Head down to any major harbour and start by scanning the noticeboards. Then find the harbour master and ask if he knows any captains looking for crew. That way, you can slip in a personal reference (“The harbour master said I should speak to you about a crew position you’re trying to fill”). If that doesn’t yield any leads, ask if you can use his radio to announce on the local sailors’ channel that you’re looking for work. Before walking the docks in search of a captain, try a more informal place like the local sailing-supply shop or, better yet, the harbour bar. If you like to plan ahead, check the ads in yachting magazines and newsletters. There are also crewing placement agencies that specialize in this very service. Or, if you prefer to see the boat and meet the skipper first (which is probably a good idea), you may be better off on your own.

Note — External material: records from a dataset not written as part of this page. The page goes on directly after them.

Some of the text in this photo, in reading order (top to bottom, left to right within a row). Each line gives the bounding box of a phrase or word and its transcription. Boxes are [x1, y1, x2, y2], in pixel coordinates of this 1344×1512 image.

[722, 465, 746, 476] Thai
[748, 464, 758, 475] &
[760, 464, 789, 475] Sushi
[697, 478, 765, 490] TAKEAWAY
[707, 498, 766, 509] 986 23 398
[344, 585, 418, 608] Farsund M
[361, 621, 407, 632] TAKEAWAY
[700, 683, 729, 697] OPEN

If captains don’t like how you look or conduct yourself, they may not reveal they have a position available. You need to dress smartly and demonstrate that you’re easy-going and level-headed. Moreover, you’ll need to learn some yachting manners – always ask for “permission to board” before letting your foot cross the rail, for example. If you’re a good cook, mention it. If you’ve got technical experience, let the captain know. If you’ve got some solid job references, keep a few copies on hand. Tell the captain he’s welcome to search your luggage (he may request this anyway) and that your travel documents are in order (make sure they are). The interview works both ways: you want to size up the captain and crew as well. Are these people you want to be stuck at sea with? Women travellers must especially be aware. Will you be the only woman on board? Can you speak to other women on board who have sailed with these men before? Find out. Once you set sail, it’s too late.

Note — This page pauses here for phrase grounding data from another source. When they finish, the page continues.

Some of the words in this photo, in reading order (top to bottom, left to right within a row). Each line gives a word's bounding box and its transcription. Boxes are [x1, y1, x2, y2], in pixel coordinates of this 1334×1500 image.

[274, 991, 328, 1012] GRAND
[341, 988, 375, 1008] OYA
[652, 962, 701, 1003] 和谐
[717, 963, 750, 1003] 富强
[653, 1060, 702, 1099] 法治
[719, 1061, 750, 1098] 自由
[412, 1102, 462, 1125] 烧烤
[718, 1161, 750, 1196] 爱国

First, you don’t need to know how to sail to do a crossing: you need to be neat, clean and trustworthy. If you’re doing day work for a boat in the harbour – which is a good way to get your foot in the door – show up on time and take it seriously. My first boat was pretty shitty. And the captain was mostly incompetent. But I had been working day jobs on various boats in the harbour in Antibes for three weeks and was getting desperate. He did, however, give me a free lift across the Atlantic. And after that, finding boats was easy. I went after the nice boats first. They usually had the best, most talented captains – and the most money. I even got paid over $1000/£630 for the crossing back home after a few months in the Caribbean.

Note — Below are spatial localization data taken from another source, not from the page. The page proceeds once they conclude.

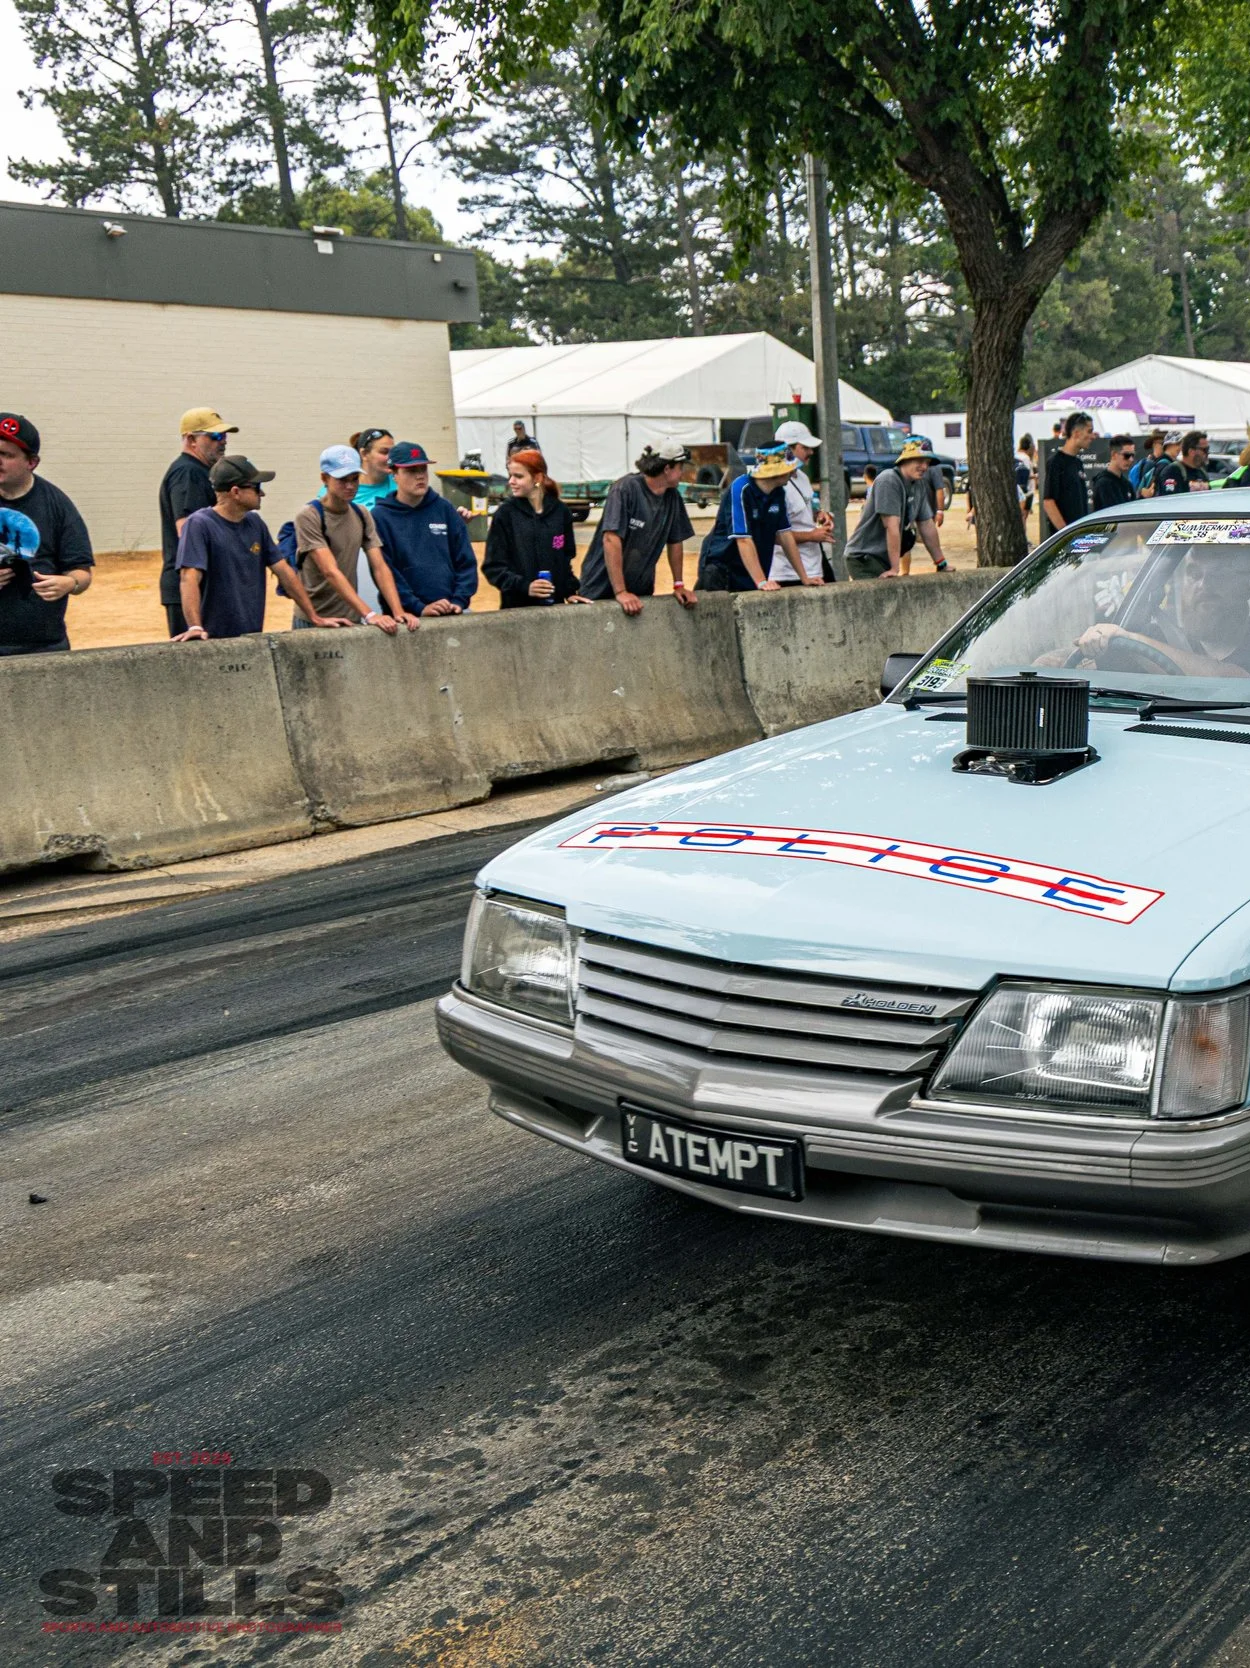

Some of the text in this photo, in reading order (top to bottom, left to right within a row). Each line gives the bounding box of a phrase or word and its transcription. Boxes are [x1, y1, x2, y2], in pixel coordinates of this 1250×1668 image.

[1176, 523, 1239, 532] SUMMERNATS
[916, 675, 947, 689] 3193
[588, 825, 1126, 911] POLICE
[864, 998, 937, 1016] HOLDEN
[626, 1114, 638, 1152] VIC
[649, 1120, 784, 1186] ATEMPT

My friend and I flew right to Las Palmas, but there was so much competition, it took ten days of active looking before we got a free lift. We walked the docks, even borrowed a dinghy and rowed around to the boats that were anchored just offshore, but didn’t get a lift until a captain saw me playing guitar at a party. He brought my friend and I along as onboard entertainment. It wasn’t until we were well on our way across the Atlantic that I told him it was the only song I knew. Once we were in the Caribbean, it didn’t take longer than five days to catch a lift. You just need to make sure that you don’t get left someplace without a lot of yachts. Barbados, St Martin and Antigua are the places you want to be.
I saw a number of women hitching on boats alone, usually doing the cooking, but if it were me, I’d team up with another woman or man for safety.
Here’s the surprise: it’s not much cheaper to take a freighter. There are some reasonably priced cruise ships – if your definition of reasonable is £100–200/$155–310 a day – that can take you across various stretches of ocean (a cruise-booking specialist can help find what’s available). On a freighter, the average per day may be lower (£70–100/$108–155) as human freight, but it’ll take a bit longer (nearly double the time on some routes), and you may end up staying in a hostel for a few weeks waiting for the ship to leave for its “scheduled” departure, so the total price can easily end up about the same.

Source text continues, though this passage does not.